A Rose in the Twilight follows Rose, a young girl inflicted with "the curse of the thorn." Manifesting as a plant bulb growing out of her back, Rose is able to use the curse to drain the "blood" of any red object, rendering it grey and inert, and passing that blood onto other objects to make them active again. Inert objects are frozen in time making them impossible to interact with; this might include obstructive boulders and platforms as well as living creatures. By injecting life into them, their time resumes and that might mean moving out of the way to let you pass or, in the case of a lever, able to be activated. Rose is also soon accompanied by a silent golem-like creature called The Giant, whom the player also controls and has immense strength that it can use to pick up, carry, and throw objects (including Rose) and is immune to the deadly thorns covering much of the level (Rose, meanwhile, dies instantly if she touches them). Using the unique abilities of both characters, the player makes their way through each level to the next story-determined objective.

This rolling cage thing would've flattened Rose instantly, but the Giant isn't fazed by it in the slightest. Being able to carry Rose also means getting both characters around easier.
This rolling cage thing would've flattened Rose instantly, but the Giant isn't fazed by it in the slightest. Being able to carry Rose also means getting both characters around easier.

It's odd to play A Rose in the Twilight after completing Live Wire and Adglobe's Ender Lilies: Quietus of the Knights fairly recently, as both the desaturated (besides the color red) visuals of this game and its theme of a kingdom fallen to a deadly curse leaving a small heroine and her protector as the only (sane) survivors are somewhat familiar. I'm not holding that against A Rose in the Twilight or anything - it did come first, after all - but these little coincidences do make me wonder what kind of impact these smaller games have in their native Japan, where the Indie scene is a little more weighted towards freeware fangames like Touhou over the medium-sized budget offerings put out by major studios that you see elsewhere. The game's aesthetics have this sort of blurry, washed-out etherealness that doesn't quite gel with the cute anime character designs - again, they're sort of an in-house style for NIS, similar to the melon-headed characters of their strategy games and the little girl protagonist of Yomawari - but they are fairly striking and fit the game's grim fairytale theme well enough.
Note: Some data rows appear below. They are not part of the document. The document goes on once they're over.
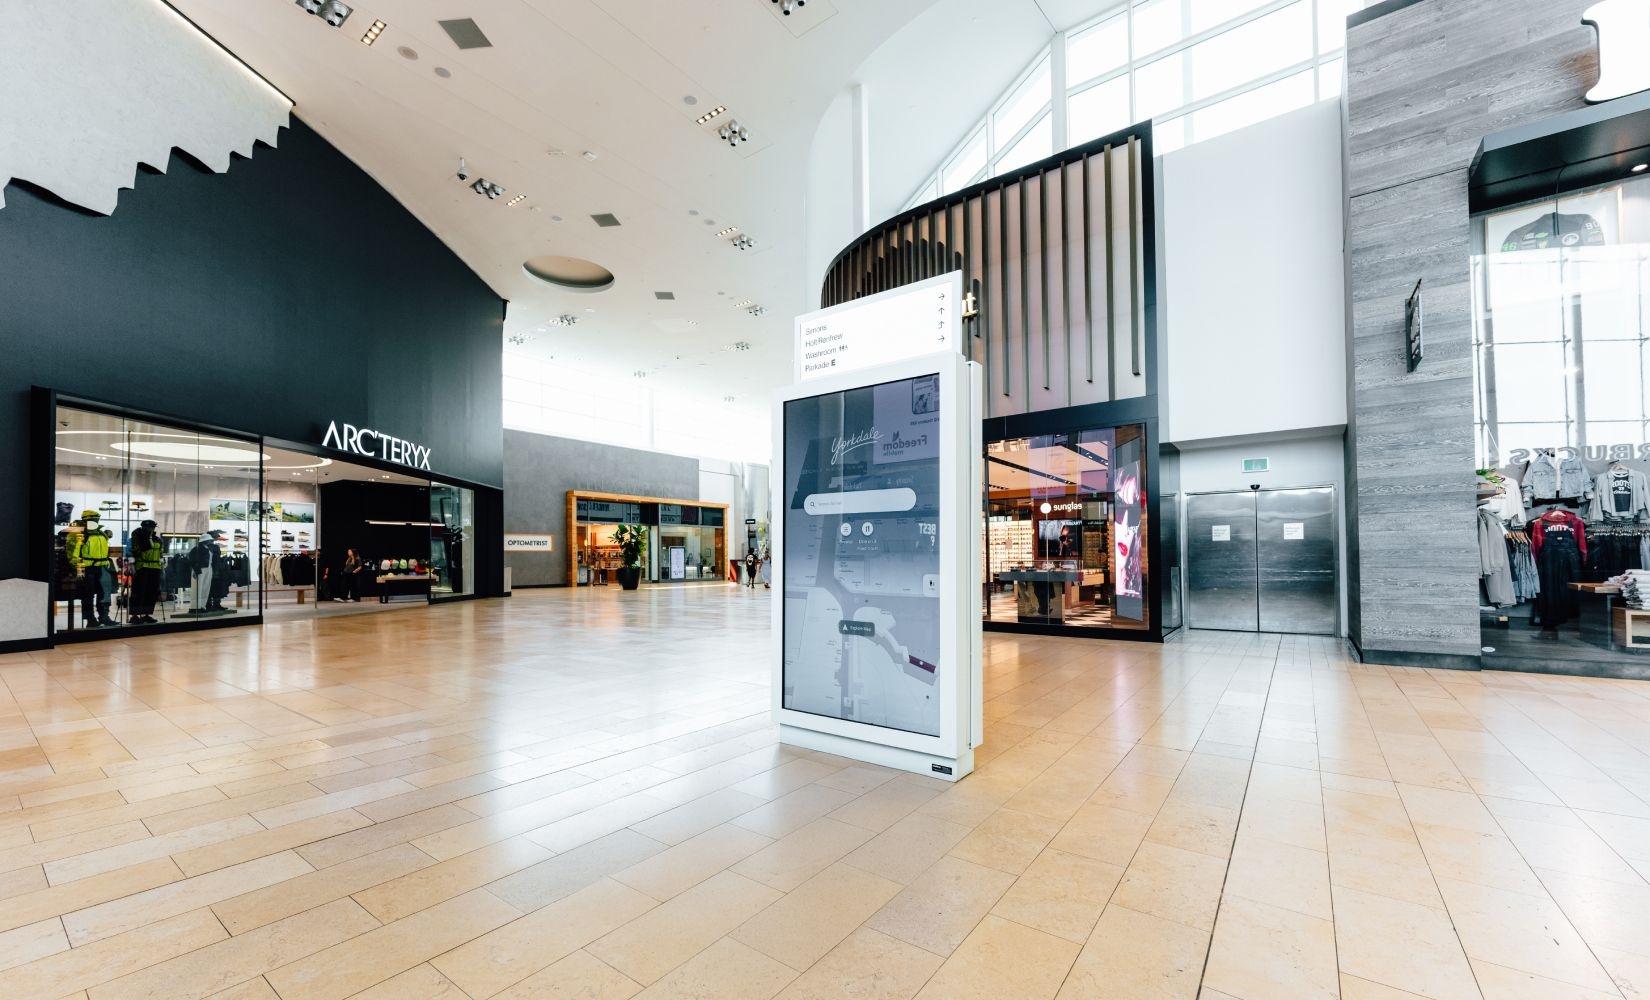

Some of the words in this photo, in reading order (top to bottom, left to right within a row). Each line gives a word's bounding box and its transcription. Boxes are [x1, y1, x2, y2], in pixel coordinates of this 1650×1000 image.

[806, 325, 828, 336] Simons
[818, 333, 844, 345] Renfrew
[806, 348, 837, 360] Washroom
[805, 361, 830, 372] Parkade
[831, 359, 837, 367] E
[321, 420, 431, 471] ARC'TERYX
[830, 426, 885, 465] Yorkdale
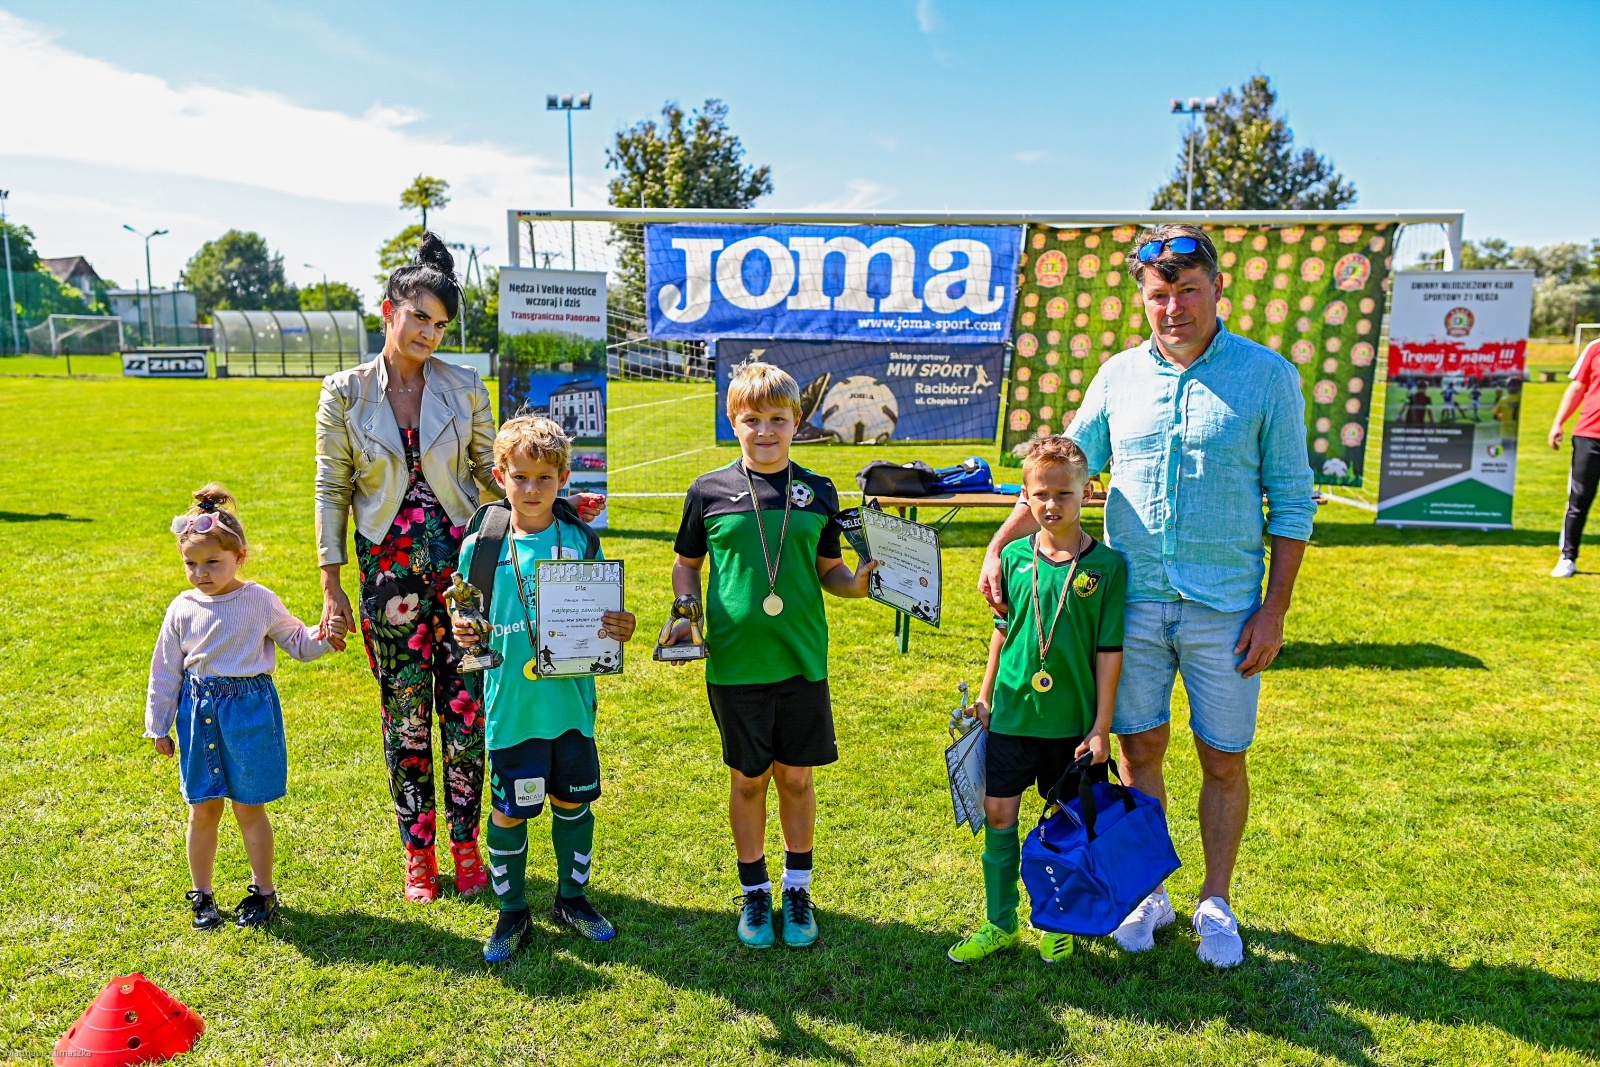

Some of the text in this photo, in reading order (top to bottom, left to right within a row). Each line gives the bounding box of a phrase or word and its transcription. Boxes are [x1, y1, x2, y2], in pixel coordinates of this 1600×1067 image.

[509, 283, 534, 294] Nędza
[536, 284, 540, 293] i
[1494, 281, 1514, 290] KLUB
[526, 297, 558, 308] wczoraj
[560, 298, 562, 306] i
[1424, 293, 1462, 301] SPORTOWY
[511, 311, 600, 322] Transgraniczna Panorama
[858, 316, 1002, 332] www.joma-sport.com
[890, 352, 950, 362] Sklep sportowy
[1400, 349, 1516, 368] Trenuj z nami !!!
[886, 363, 974, 378] MW SPORT
[915, 382, 970, 394] Racibórz
[926, 398, 958, 406] Chopina
[842, 518, 862, 528] SELEC
[540, 564, 620, 582] DYPLOM
[492, 620, 526, 637] Duet
[570, 780, 598, 792] hummel
One storytelling aspect I liked about the game - and another Ender Lilies comparison - is how you find corpses and can absorb their blood to receive their memories. Rather than depict how they died, the memories fill in pieces of the game's plot - who Rose is, what happened to her before, during and after her curse first manifested, and how that curse managed to spread to the whole kingdom - and some are much more elusive to find than others. Most of the game's harder puzzles relate to acquiring these optional backstory scenes, but I've come to understand that you'll need all of them for the game's true ending; presumably because in doing so you'll fill in every jigsaw piece of the overarching narrative. Fortunately, the game throws you a bone here: once you reach the end of a section - the game's split into multiple zones, and there's around six puzzle areas per zone - you can absorb a special blood crystal that'll tell you which of the zone's rooms still have bloodstains for you to collect. The trick, then, becomes figuring out how to reach them with Rose. You'll also get notes written by Rose fairly regularly, often working as tutorials to explain game mechanics, and a few other story-related lore items which sit in your inventory to be perused at any time.
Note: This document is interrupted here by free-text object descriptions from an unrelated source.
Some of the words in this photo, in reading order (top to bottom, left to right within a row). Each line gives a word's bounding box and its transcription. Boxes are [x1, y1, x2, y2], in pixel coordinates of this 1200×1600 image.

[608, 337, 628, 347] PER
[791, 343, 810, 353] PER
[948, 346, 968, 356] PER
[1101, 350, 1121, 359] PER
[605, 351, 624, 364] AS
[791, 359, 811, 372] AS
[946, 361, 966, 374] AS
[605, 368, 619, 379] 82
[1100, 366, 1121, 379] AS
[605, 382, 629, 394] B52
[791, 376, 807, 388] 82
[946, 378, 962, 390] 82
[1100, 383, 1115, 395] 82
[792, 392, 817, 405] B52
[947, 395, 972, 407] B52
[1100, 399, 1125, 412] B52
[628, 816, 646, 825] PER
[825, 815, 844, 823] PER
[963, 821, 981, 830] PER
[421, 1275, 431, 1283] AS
The blood memories are presented in these delightfully macabre, rose-tinted theater scenes. Honestly, this game was probably just a little too late to hit the Hot Topic 'cute goth' craze.
The blood memories are presented in these delightfully macabre, rose-tinted theater scenes. Honestly, this game was probably just a little too late to hit the Hot Topic 'cute goth' craze.

It's worth mentioning that, as a platformer, A Rose in the Twilight is much closer to a Braid or a The Swapper than something more dextrous like an Ori. Rose can barely manage a hop and will die if she falls more than half a screen's height, so you have to be careful when planning your next moves keeping in mind her relative frailty. The Giant is indispensable for getting around as it has total invulnerability and can also carry Rose, helping her past some but not all hazards. In addition to it being really funny just yeeting a small child around, throwing Rose can also get her across larger gaps or areas higher up, though you of course need to ensure that she'll land without falling too far. The game's platforming can feel a bit awkward sometimes, especially when it comes to visually picking up on the contours of certain platforms, and the checkpointing can be dire. Most areas have one or more of these plant buds which resurrect you at that spot once you've activated them, but they won't record progress if you pass them a second time: if you're coming and going past the bud's location while moving objects around or completing a series of levers or something, it'll still reset to the first time you passed underneath if you should die and you'll probably be dying a lot as you gradually pick up on what you need to do and in what order to solve the immediate environmental puzzles. Getting around the game world is easier, at least: every room can be fast-travelled to once you've visited them.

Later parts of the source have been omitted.